Nachdenken über Aussöhnung im Kontext der deutschen Geschichte des 20. Jahrhunderts – das ist herausfordernd. Denn die Ansprüche der Opfer sind nicht deckungsgleich mit den Interessen der ‚Anderen‘. Redet man vom Verzeihen als „Mitte der Ethik” (Kodalle, Verzeihung denken, 2013), hat man den moralischen und politischen Neubeginn im Blick. Aber Versöhnung lässt sich nicht einfordern. Der Geschädigte kann sich den Verzeihungserwartungen verweigern. Während nach einem Systemwechsel die Gesellschaft an einer möglichst raschen ‚Normalisierung‘ interessiert scheint, ringen die Opfer des Staatsterrors um die gesellschaftliche Anerkennung des ihnen zugefügten Leids. Die Rede von Versöhnung erscheint dann leicht als Verharmlosung.
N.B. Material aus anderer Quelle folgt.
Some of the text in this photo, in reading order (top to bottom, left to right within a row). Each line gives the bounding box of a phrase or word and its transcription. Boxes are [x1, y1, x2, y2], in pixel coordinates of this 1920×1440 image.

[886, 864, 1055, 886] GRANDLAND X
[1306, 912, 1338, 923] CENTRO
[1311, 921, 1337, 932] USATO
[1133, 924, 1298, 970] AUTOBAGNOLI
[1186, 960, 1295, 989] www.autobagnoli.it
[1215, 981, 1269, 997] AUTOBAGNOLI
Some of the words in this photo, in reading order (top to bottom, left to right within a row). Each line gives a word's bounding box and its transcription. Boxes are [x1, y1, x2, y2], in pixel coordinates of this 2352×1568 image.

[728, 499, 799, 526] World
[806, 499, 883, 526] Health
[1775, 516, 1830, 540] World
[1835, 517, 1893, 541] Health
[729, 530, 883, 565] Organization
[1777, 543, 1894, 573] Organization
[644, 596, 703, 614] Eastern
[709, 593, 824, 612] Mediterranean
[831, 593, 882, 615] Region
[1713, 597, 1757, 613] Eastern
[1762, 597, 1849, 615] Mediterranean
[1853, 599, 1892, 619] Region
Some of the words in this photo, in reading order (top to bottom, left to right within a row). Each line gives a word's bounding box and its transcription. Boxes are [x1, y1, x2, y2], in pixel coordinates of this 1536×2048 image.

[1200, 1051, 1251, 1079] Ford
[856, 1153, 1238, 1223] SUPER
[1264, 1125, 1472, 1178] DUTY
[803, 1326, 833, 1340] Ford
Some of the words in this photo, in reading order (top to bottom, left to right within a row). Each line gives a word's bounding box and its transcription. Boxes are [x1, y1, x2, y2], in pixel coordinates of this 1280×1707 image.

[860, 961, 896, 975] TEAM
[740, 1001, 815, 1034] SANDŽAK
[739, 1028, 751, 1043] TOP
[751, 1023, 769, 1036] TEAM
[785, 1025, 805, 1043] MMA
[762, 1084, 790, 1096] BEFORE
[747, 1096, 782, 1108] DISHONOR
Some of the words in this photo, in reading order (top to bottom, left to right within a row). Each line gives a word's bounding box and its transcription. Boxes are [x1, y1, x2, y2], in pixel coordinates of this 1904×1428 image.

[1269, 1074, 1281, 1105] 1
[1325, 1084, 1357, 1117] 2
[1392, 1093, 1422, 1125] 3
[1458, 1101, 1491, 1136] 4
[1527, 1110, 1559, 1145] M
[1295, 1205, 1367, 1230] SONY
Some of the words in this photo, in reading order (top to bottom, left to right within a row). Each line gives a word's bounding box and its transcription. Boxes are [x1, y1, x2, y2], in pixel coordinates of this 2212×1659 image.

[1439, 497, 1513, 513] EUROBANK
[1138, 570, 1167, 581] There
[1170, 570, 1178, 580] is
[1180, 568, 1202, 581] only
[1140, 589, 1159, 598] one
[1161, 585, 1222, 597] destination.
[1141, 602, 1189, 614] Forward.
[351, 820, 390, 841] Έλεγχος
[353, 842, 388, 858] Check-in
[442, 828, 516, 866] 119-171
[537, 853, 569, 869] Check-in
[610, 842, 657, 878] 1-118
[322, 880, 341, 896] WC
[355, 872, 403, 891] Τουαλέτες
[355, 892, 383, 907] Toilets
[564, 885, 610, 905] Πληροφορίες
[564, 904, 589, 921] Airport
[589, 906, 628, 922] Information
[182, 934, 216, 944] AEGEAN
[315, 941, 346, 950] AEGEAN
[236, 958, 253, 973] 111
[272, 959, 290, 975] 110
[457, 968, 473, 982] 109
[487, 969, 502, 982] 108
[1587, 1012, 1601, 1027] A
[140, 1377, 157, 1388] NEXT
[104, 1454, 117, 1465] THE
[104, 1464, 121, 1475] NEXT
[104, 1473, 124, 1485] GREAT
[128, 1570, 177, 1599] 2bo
Am Faktor Zeit ist das zu verdeutlichen: Ein Opfer benötigt für die individuelle Bearbeitung seiner Beschädigungen / Traumata womöglich mehr Zeit als die schnell vergessende bzw. verdrängungswillige Mitwelt zuzubilligen bereit ist. Prozesse der Aussöhnung sind also von starken Gegensätzen geprägt. Die Kultur des Erinnerns und die Politik des Gedenkens sollen diese abgründigen Differenzen kompensieren oder erträglich machen.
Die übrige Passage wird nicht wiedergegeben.